- [WHAT YOU ARE ASKED TO DO]: Apart from the images, the records below need to be copied exactly.

** Opening STORED DATA block **

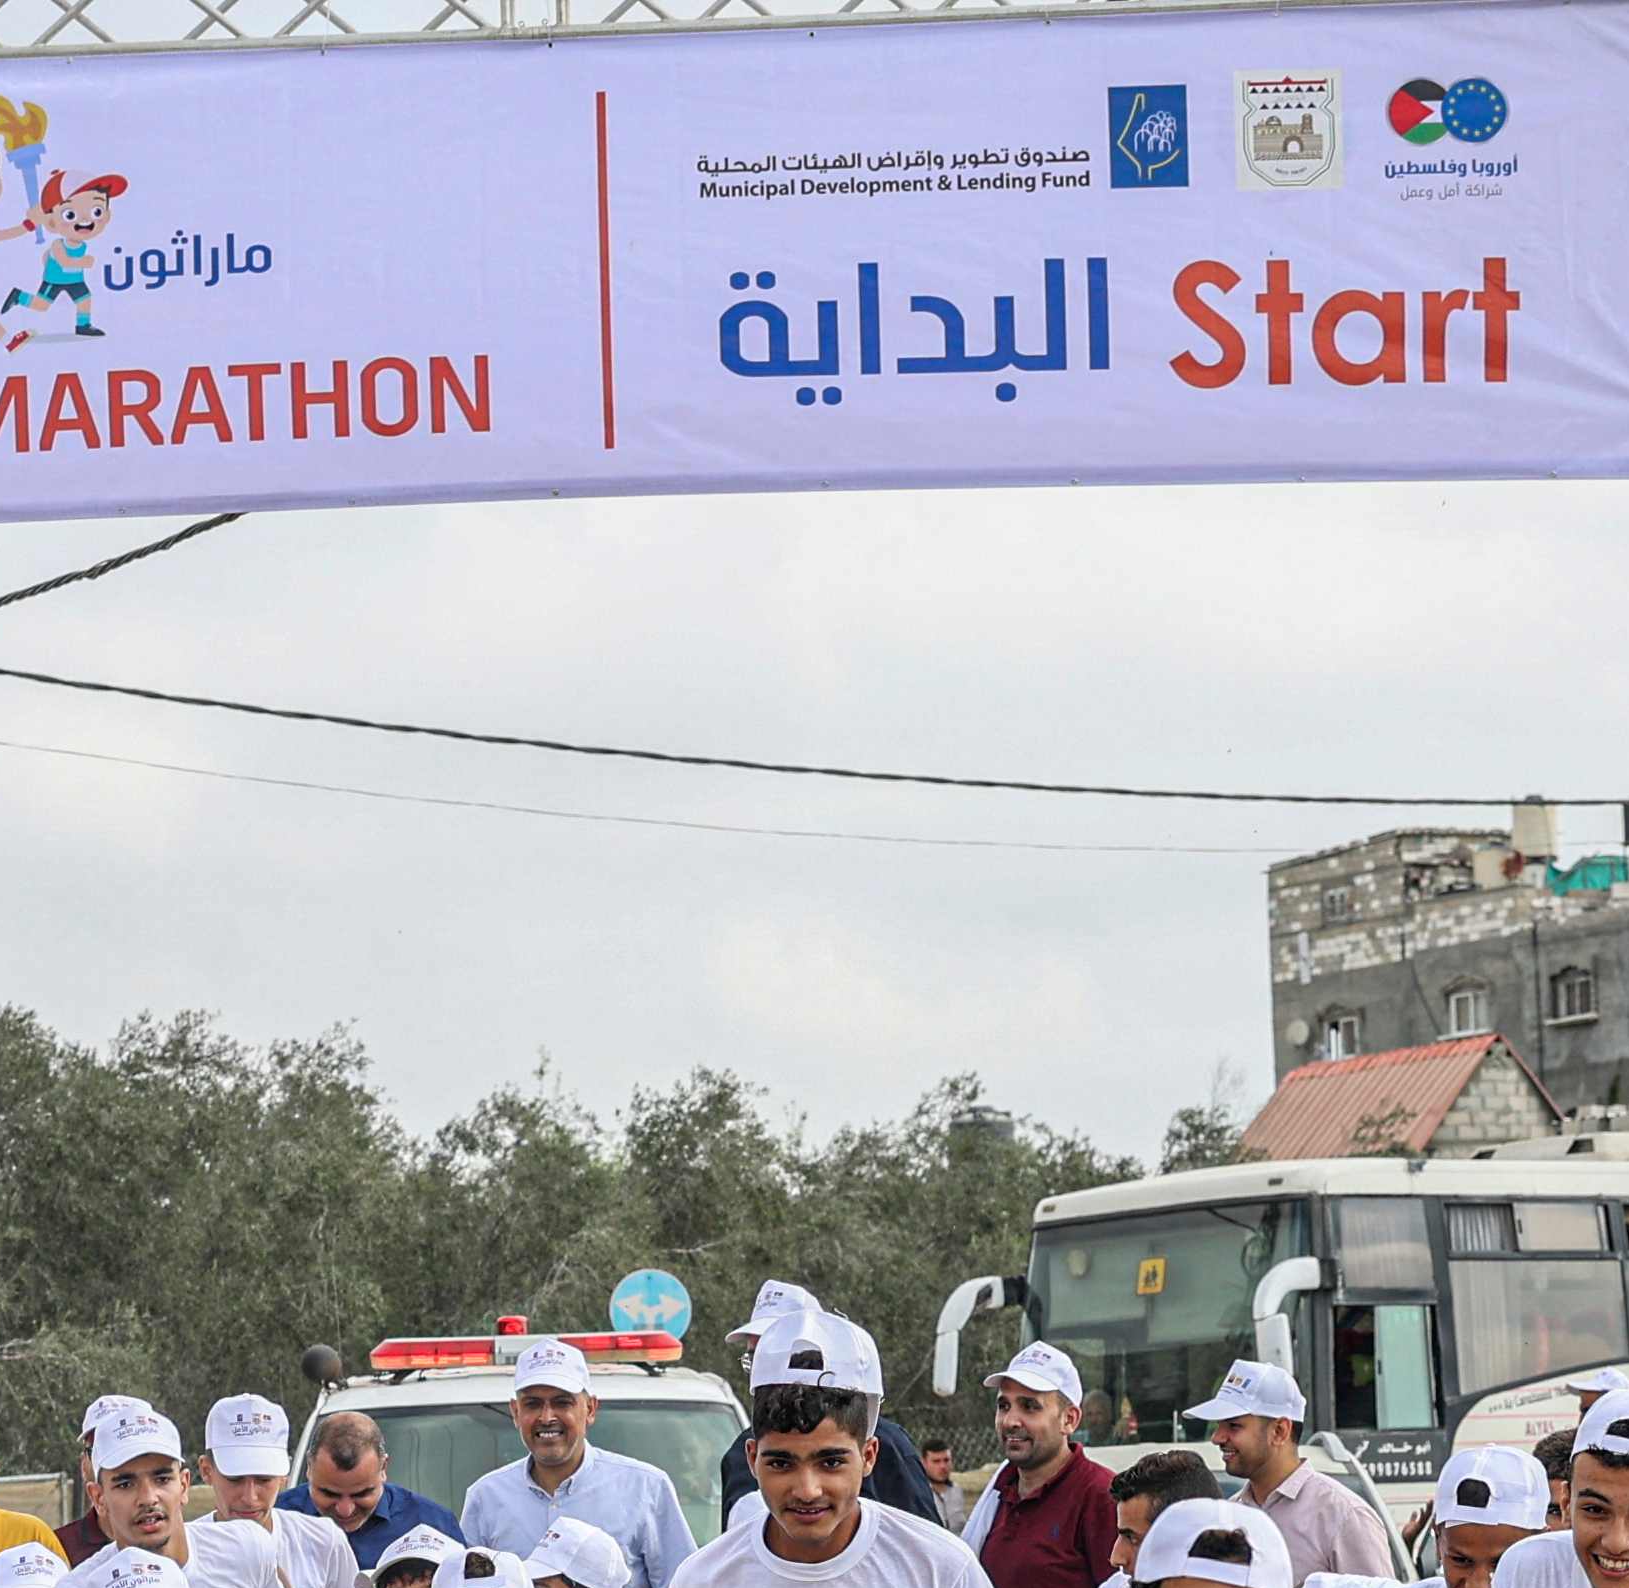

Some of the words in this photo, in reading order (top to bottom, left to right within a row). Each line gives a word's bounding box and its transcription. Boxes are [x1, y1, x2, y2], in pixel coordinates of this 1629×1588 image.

[696, 154, 778, 176] المحلية
[781, 152, 862, 172] الهيئات
[866, 149, 945, 173] وإقراض
[950, 147, 1011, 170] تطوير
[1014, 147, 1091, 167] صندوق
[1472, 154, 1518, 176] أوروبا
[1384, 158, 1469, 179] وفلسطين
[699, 177, 796, 200] Municipal
[801, 174, 933, 199] Development
[937, 175, 952, 191] &
[957, 171, 1037, 194] Lending
[1041, 170, 1091, 188] Fund
[1399, 186, 1434, 202] وعمل
[1438, 183, 1460, 200] أمل
[1465, 184, 1503, 198] شراكة
[102, 232, 273, 292] ماراثون
[718, 256, 1111, 407] البداية
[1168, 256, 1522, 390] Start
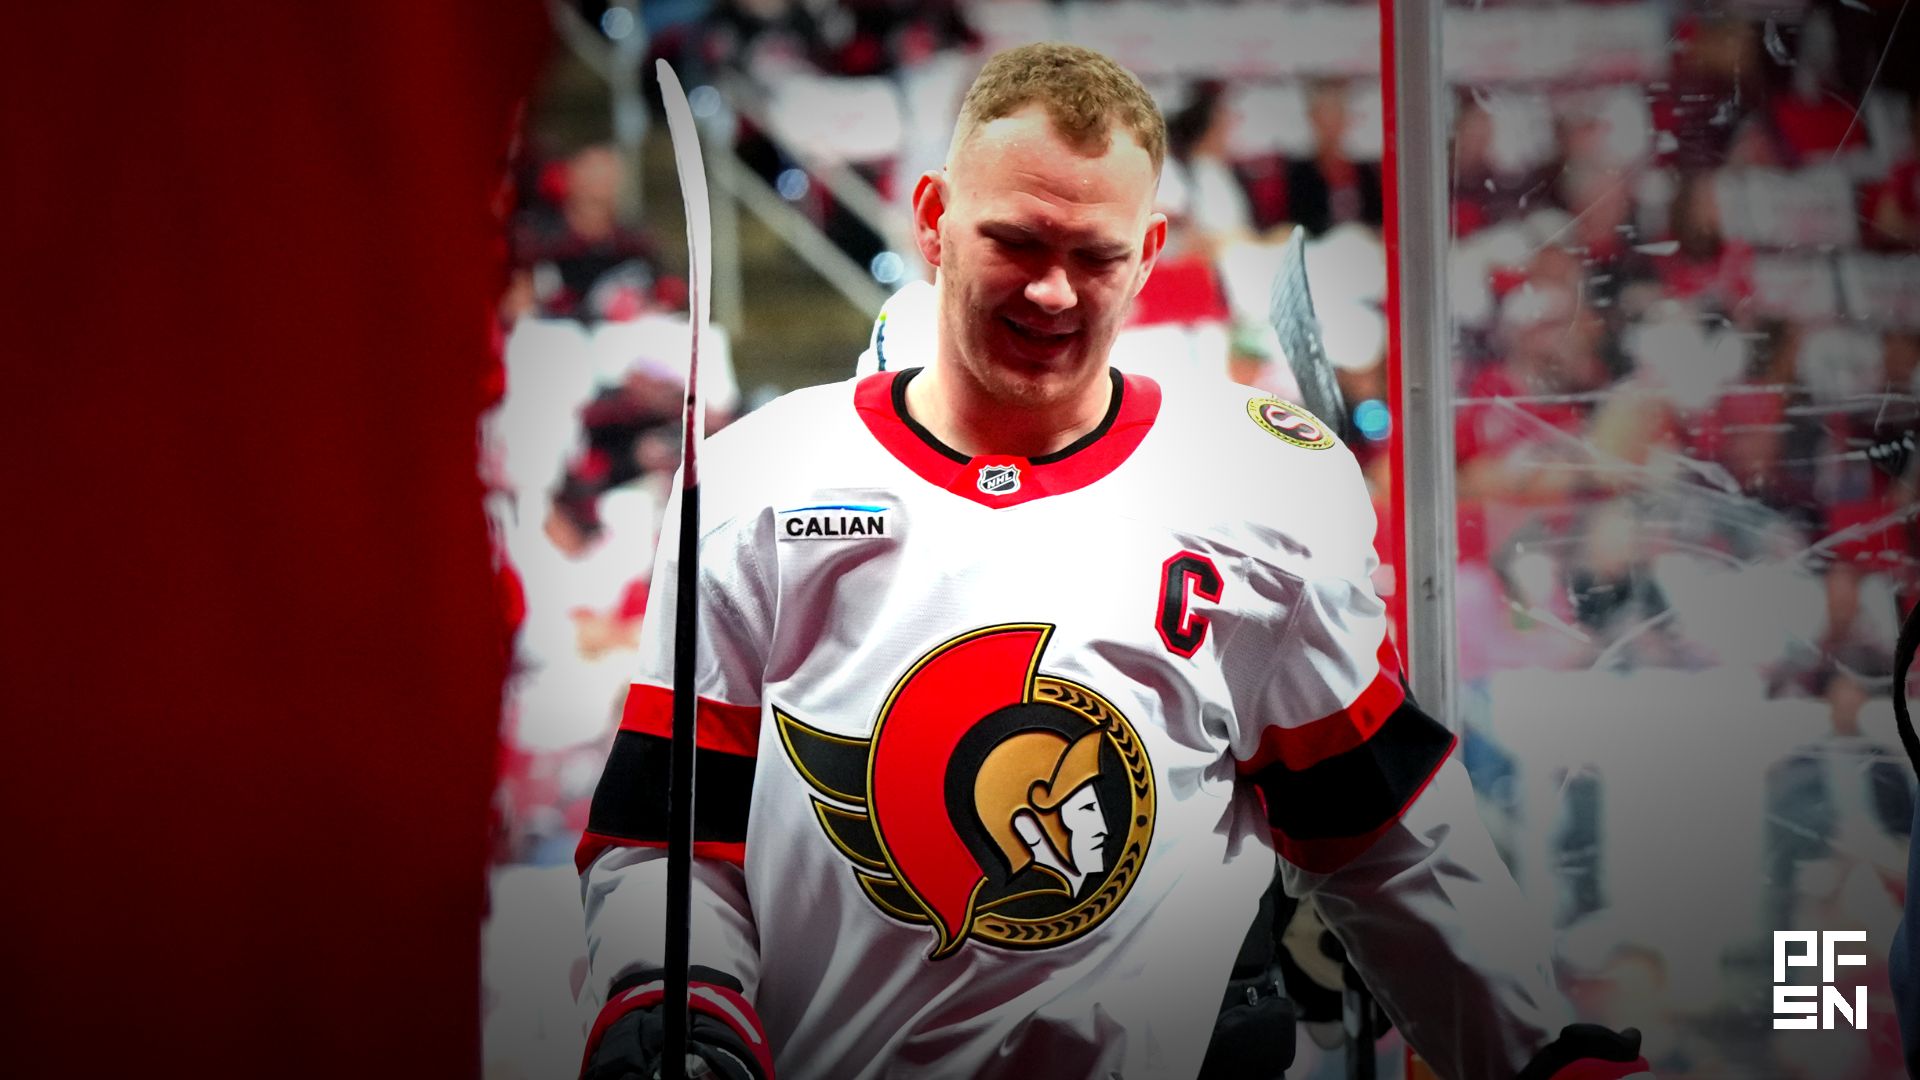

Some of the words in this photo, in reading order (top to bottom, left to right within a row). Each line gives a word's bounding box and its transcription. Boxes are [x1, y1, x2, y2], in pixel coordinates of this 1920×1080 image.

[987, 473, 1012, 489] NHL
[786, 516, 884, 536] CALIAN
[1155, 550, 1224, 660] C
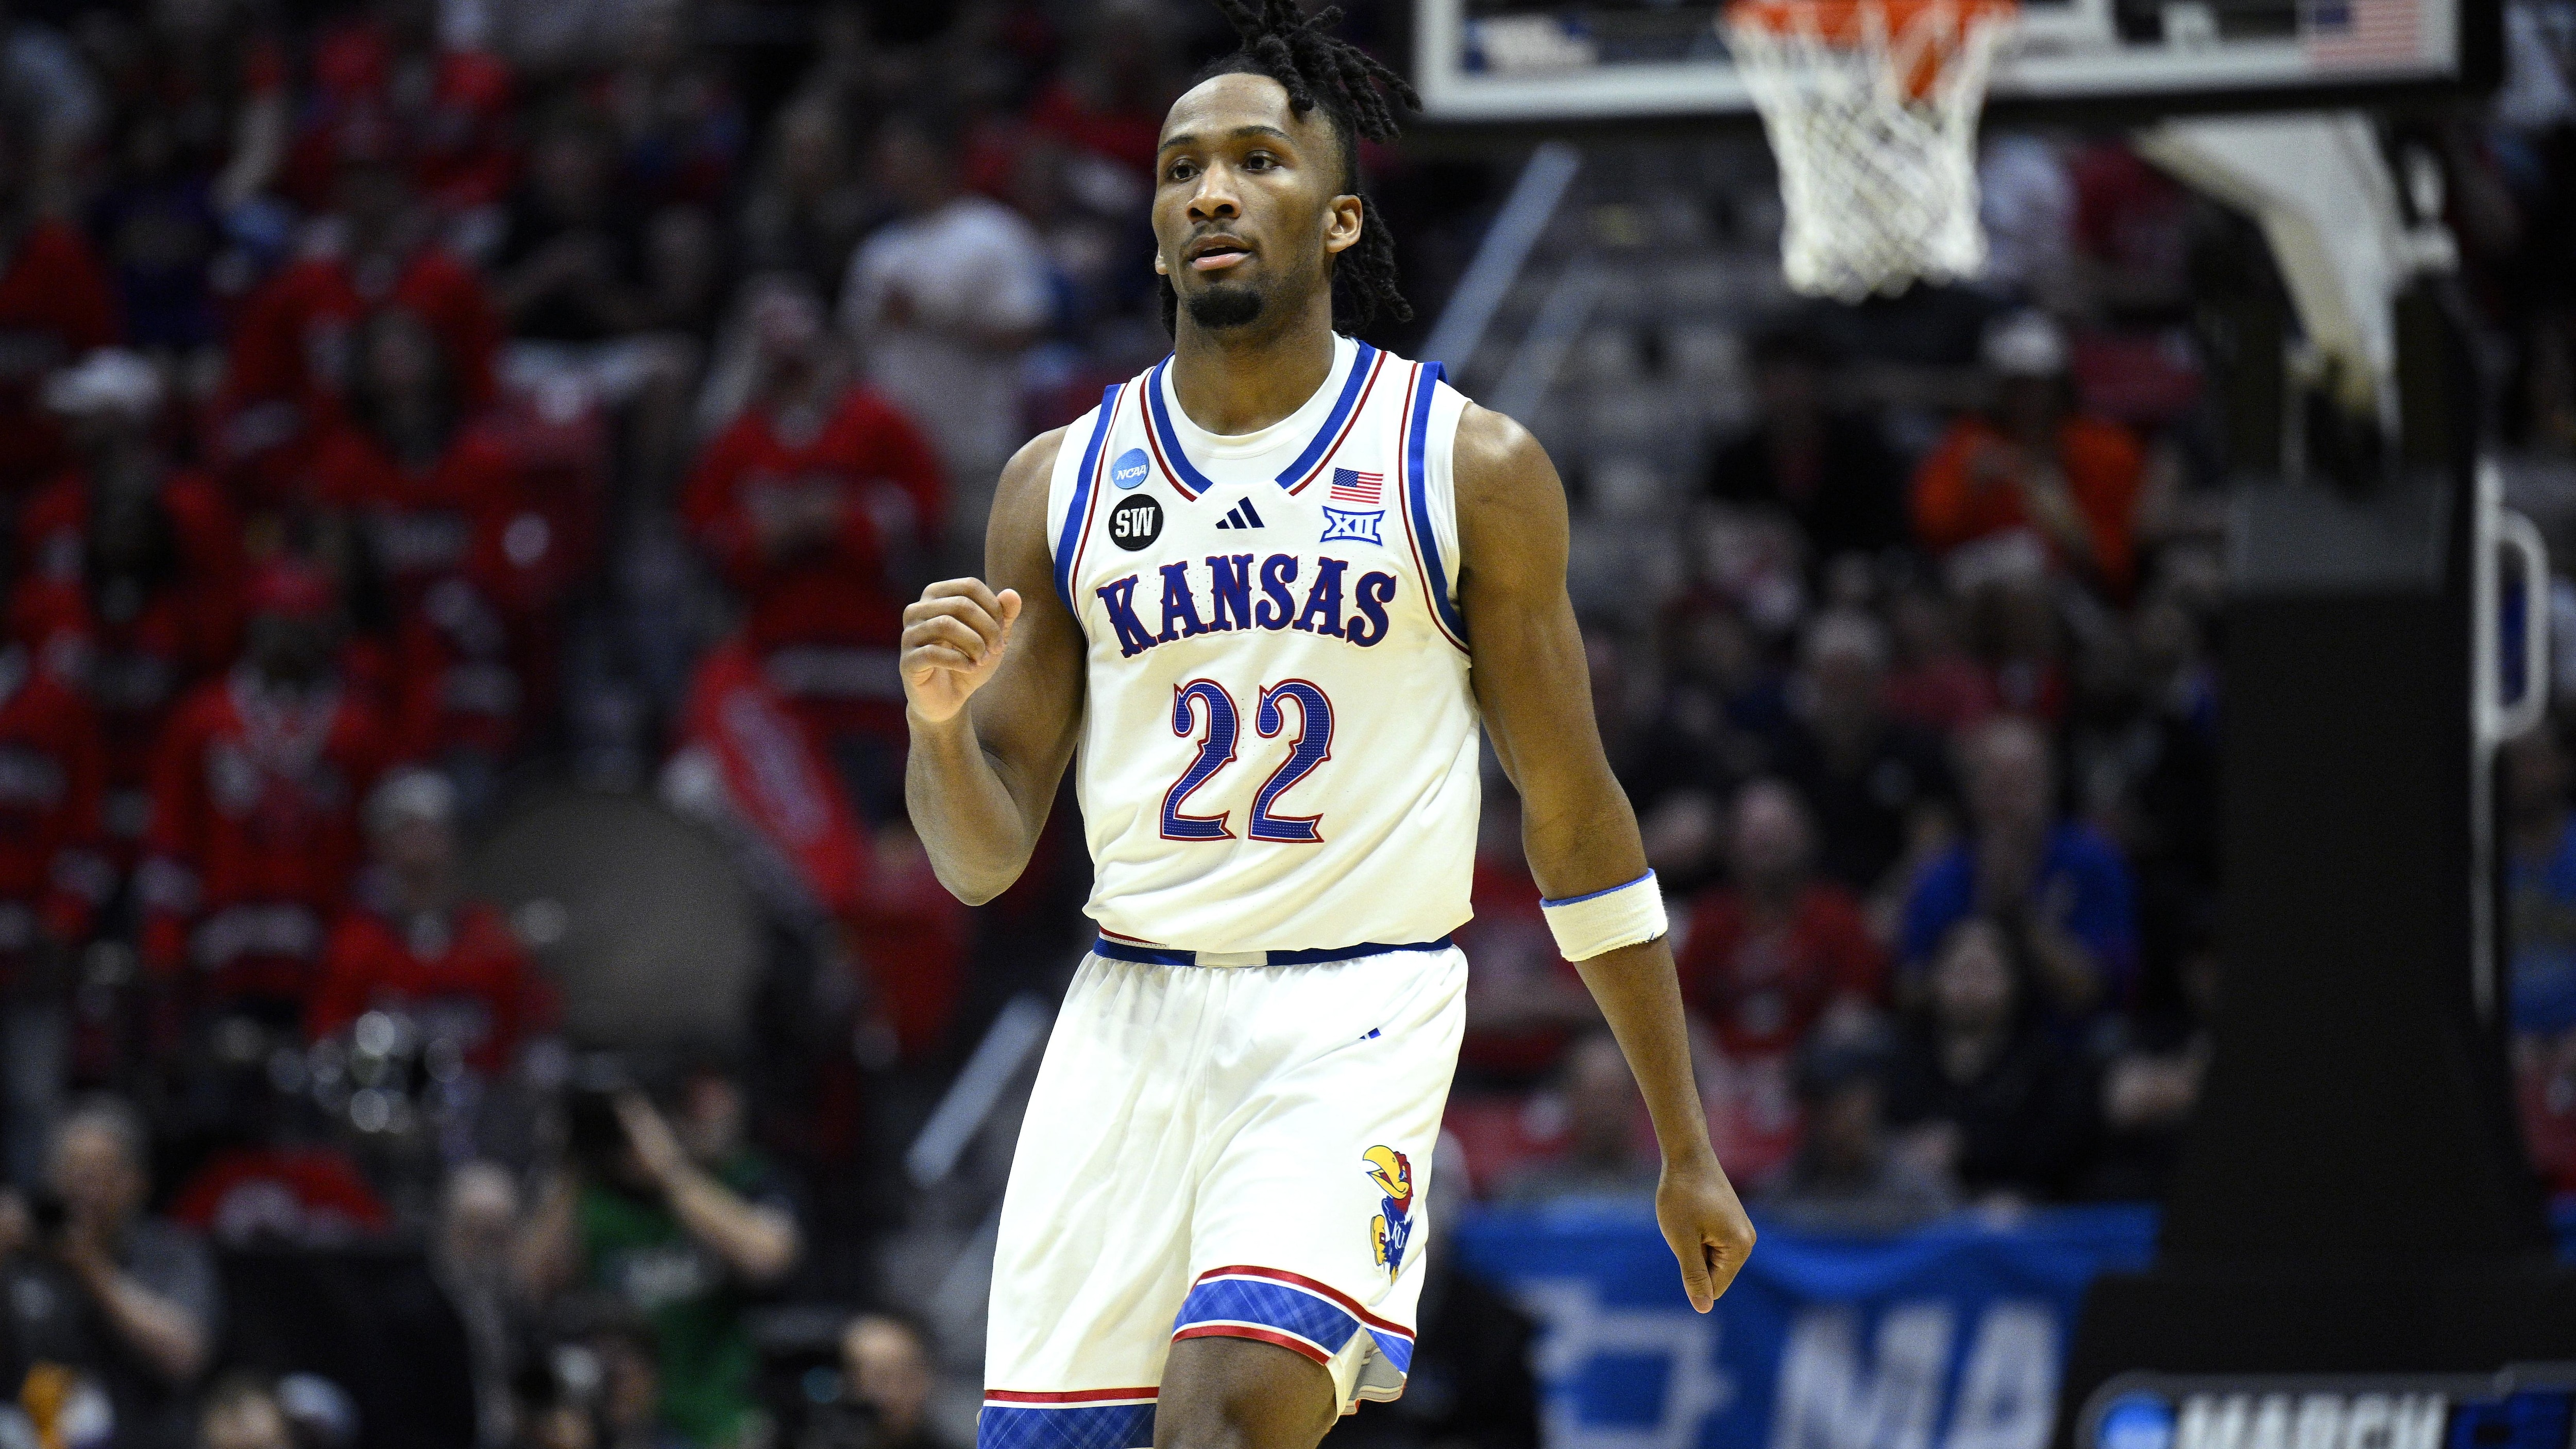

** Closing STORED DATA block **

- [RESPONSE TO THE TASK]:
Some of the words in this photo, in reading order (top to bottom, left to right within a row). Each line gives a word's bounding box and its transcription. Boxes are [x1, y1, x2, y2], in pixel coordinates of this 1629×1588 image.

[696, 154, 778, 176] المحلية
[781, 152, 862, 172] الهيئات
[866, 149, 945, 173] وإقراض
[950, 147, 1011, 170] تطوير
[1014, 147, 1091, 167] صندوق
[1472, 154, 1518, 176] أوروبا
[1384, 158, 1469, 179] وفلسطين
[699, 177, 796, 200] Municipal
[801, 174, 933, 199] Development
[937, 175, 952, 191] &
[957, 171, 1037, 194] Lending
[1041, 170, 1091, 188] Fund
[1399, 186, 1434, 202] وعمل
[1438, 183, 1460, 200] أمل
[1465, 184, 1503, 198] شراكة
[102, 232, 273, 292] ماراثون
[718, 256, 1111, 407] البداية
[1168, 256, 1522, 390] Start

Some of the words in this photo, in reading order (top to bottom, left to right within a row). Each line gives a word's bounding box and its transcription. Boxes are [x1, y1, x2, y2], in pixel coordinates of this 1920×1080 image.

[987, 473, 1012, 489] NHL
[786, 516, 884, 536] CALIAN
[1155, 550, 1224, 660] C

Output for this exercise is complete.